The State of Jefferson has become the catalyst for a movement in Northern California. The so-called Northstate is looking less and less like the rest of the Golden State. The vast, sparsely-populated region is whiter, more rural and poorer than the rest of the state, and residents are generally more conservative. While California has become the epicenter of resistance towards blunt popular conservatism, a deal of Californians are waging their own resistance: towards California itself.

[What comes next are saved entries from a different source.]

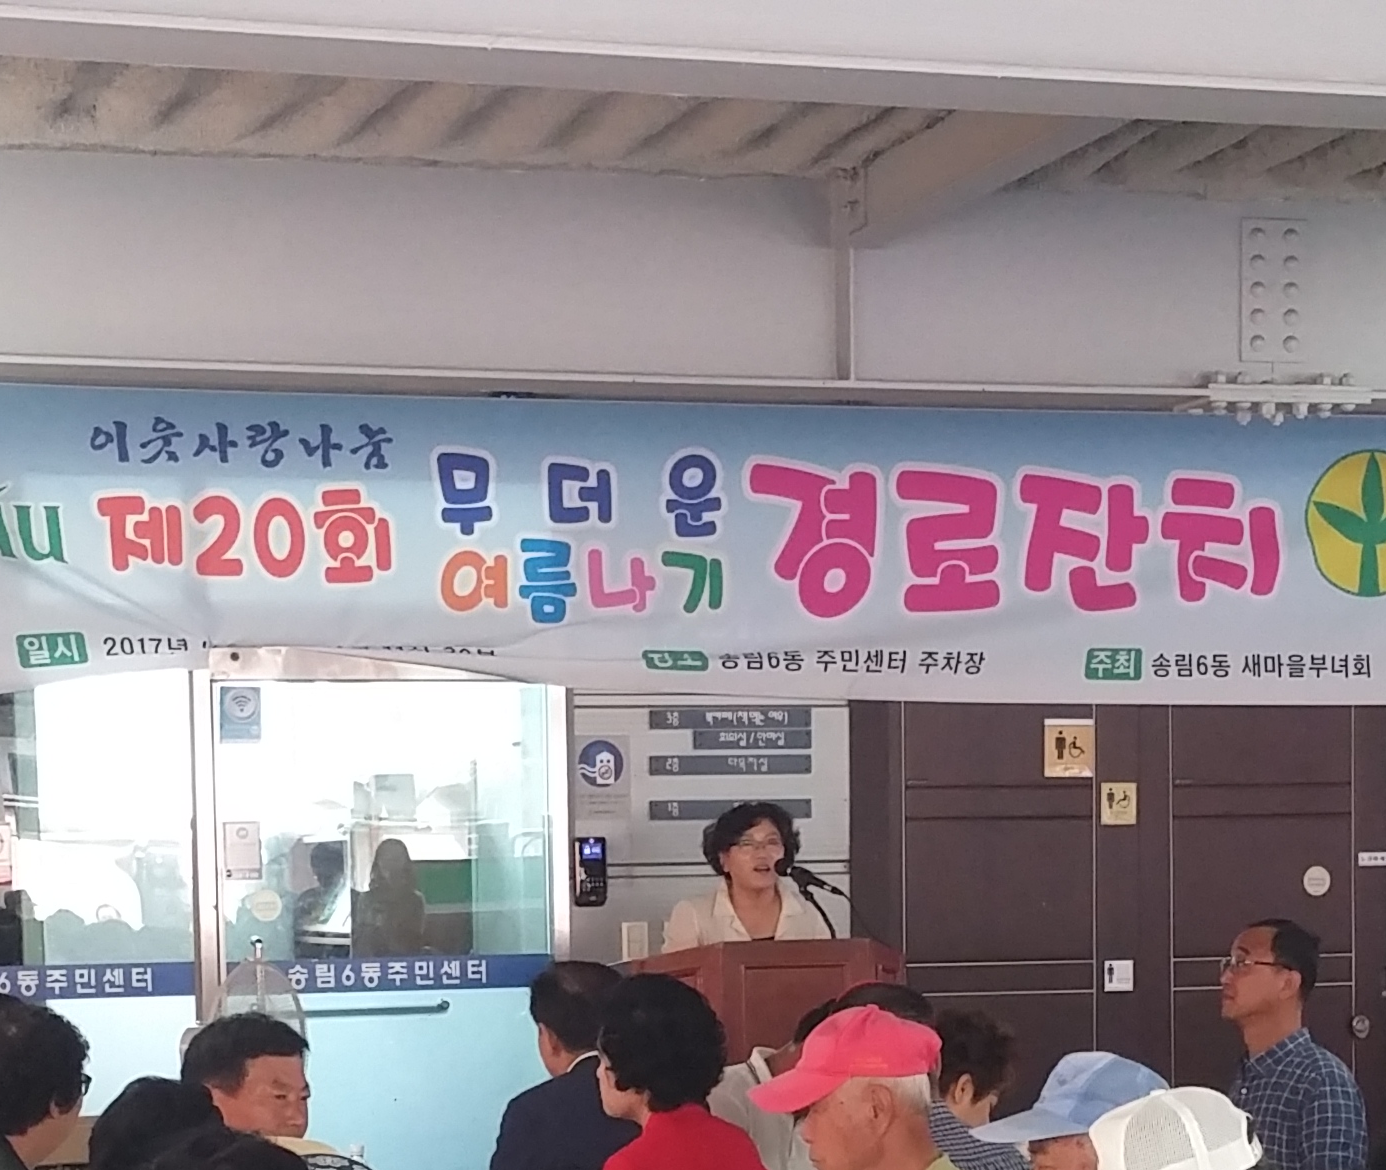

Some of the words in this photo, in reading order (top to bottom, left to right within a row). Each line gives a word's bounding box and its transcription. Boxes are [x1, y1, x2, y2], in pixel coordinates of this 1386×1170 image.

[89, 416, 393, 470] 이웃사랑나눔
[97, 488, 392, 584] 제20회
[749, 463, 1280, 618] 경로잔치
[440, 538, 723, 623] 여름나기
[23, 634, 81, 665] 일시
[816, 650, 907, 674] 주민센터
[918, 651, 986, 674] 주차장
[1089, 650, 1135, 677] 주최
[1151, 653, 1231, 677] 송림6동
[1241, 653, 1372, 678] 새마을부녀회
[287, 959, 488, 990] 송림6동주민센터

The movement has been vocal against Californian laws and regulations for decades, but have recently become deafening towards state regulated COVID-19 restrictions. Carlos Zapata, an overnight right wing celebrity and figure in the Jefferson movement, had a clip of him at the Shasta Board of Supervisors go viral. “Right now, we’re being peaceful,” he said in the short speech, “But it’s not going to be peaceful much longer.” Despite having one of the highest per-capita rates of COVID-19 infections in the state, the Shasta County Board of Supervisors spent the last several weeks hearing calls to ignore state public health orders that would force restaurants, gyms and other small businesses to stop serving customers indoors.

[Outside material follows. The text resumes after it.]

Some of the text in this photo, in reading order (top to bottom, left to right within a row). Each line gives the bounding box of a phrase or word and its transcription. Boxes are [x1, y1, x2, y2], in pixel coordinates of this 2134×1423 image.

At one point, an anti-mask activist in a Grim Reaper mask stood at the microphone and tried to set a face mask on fire. A man announced he was placing the entire board under citizen’s arrest. Activists read out the county health officer’s home address, prompting police to step up patrols in her neighborhood.
However, one begs the question, why would such a movement occur? Jeff Silva-Brown, an American Institutions and Comparative Government teacher here at Ukiah High said, “States are very diverse entities with cultures that span a broad swath of society. Probably one of the most disregarded cultures are those that exist in rural communities.” Silva-Brown highlighted some of the reasons rural populations are often ignored: “Very few people live in these locations compared to cities so the ability to influence policy related to a region’s culture is minimal. When states pass laws they are doing so without much regard to rural regions and this creates tension.” And this tension has been ever expanding, with the recent pandemic only speeding up the ignition of a revolutionary bomb.

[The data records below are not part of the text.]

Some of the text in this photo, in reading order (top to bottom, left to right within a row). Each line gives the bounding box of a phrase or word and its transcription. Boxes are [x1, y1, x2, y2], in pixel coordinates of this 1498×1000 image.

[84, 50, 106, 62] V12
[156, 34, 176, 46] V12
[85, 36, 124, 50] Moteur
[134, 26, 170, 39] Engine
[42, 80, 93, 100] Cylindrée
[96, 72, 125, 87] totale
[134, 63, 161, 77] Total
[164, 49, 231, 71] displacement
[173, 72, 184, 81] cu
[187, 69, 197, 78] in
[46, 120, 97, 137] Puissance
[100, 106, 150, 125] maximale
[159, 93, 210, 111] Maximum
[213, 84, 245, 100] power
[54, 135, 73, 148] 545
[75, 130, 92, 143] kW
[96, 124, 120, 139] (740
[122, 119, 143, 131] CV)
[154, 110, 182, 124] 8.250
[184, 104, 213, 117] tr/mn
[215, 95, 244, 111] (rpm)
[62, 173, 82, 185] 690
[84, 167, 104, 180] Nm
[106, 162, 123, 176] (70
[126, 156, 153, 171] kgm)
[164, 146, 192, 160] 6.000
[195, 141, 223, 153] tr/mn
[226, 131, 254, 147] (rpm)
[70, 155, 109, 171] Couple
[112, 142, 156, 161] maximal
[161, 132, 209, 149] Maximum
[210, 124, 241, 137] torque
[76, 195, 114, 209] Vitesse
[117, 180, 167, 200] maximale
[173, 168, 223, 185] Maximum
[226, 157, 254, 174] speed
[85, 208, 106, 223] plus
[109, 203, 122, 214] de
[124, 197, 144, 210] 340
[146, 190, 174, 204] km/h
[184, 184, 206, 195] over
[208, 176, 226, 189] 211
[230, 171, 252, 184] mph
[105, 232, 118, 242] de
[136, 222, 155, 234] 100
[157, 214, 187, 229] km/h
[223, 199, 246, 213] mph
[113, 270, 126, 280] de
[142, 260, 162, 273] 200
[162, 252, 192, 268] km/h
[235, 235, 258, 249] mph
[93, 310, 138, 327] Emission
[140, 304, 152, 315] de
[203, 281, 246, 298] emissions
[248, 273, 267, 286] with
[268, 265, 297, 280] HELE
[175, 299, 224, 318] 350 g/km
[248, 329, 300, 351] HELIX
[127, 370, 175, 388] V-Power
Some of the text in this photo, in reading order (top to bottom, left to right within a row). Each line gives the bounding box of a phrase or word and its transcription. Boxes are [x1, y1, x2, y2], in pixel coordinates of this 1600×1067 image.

But how much of this revolutionary talk can be taken seriously? How much of it just comes with the territory? Silva-Brown states, “Legally it can’t happen anyway as they would have to get both California and Oregon to give up that land, and then Congress must approve any new state. That’s not going to happen. Secession movements in California have been fairly common in California for 50 years. There have been multiple plans that have included Jefferson, splitting California in half, in thirds; and most recently carving California into six different states. These movements ebb and flow with economic conditions, political polarity, and usually die off as other issues pop up.”
Despite being vocal, the State of Jefferson and it’s rebellious movement is still only a minority within the liberal confines of California. “The urban/rural divide will get worse in the United States but I think the State of Jefferson will remain a symbol, never a reality.” Silva-Brown ends.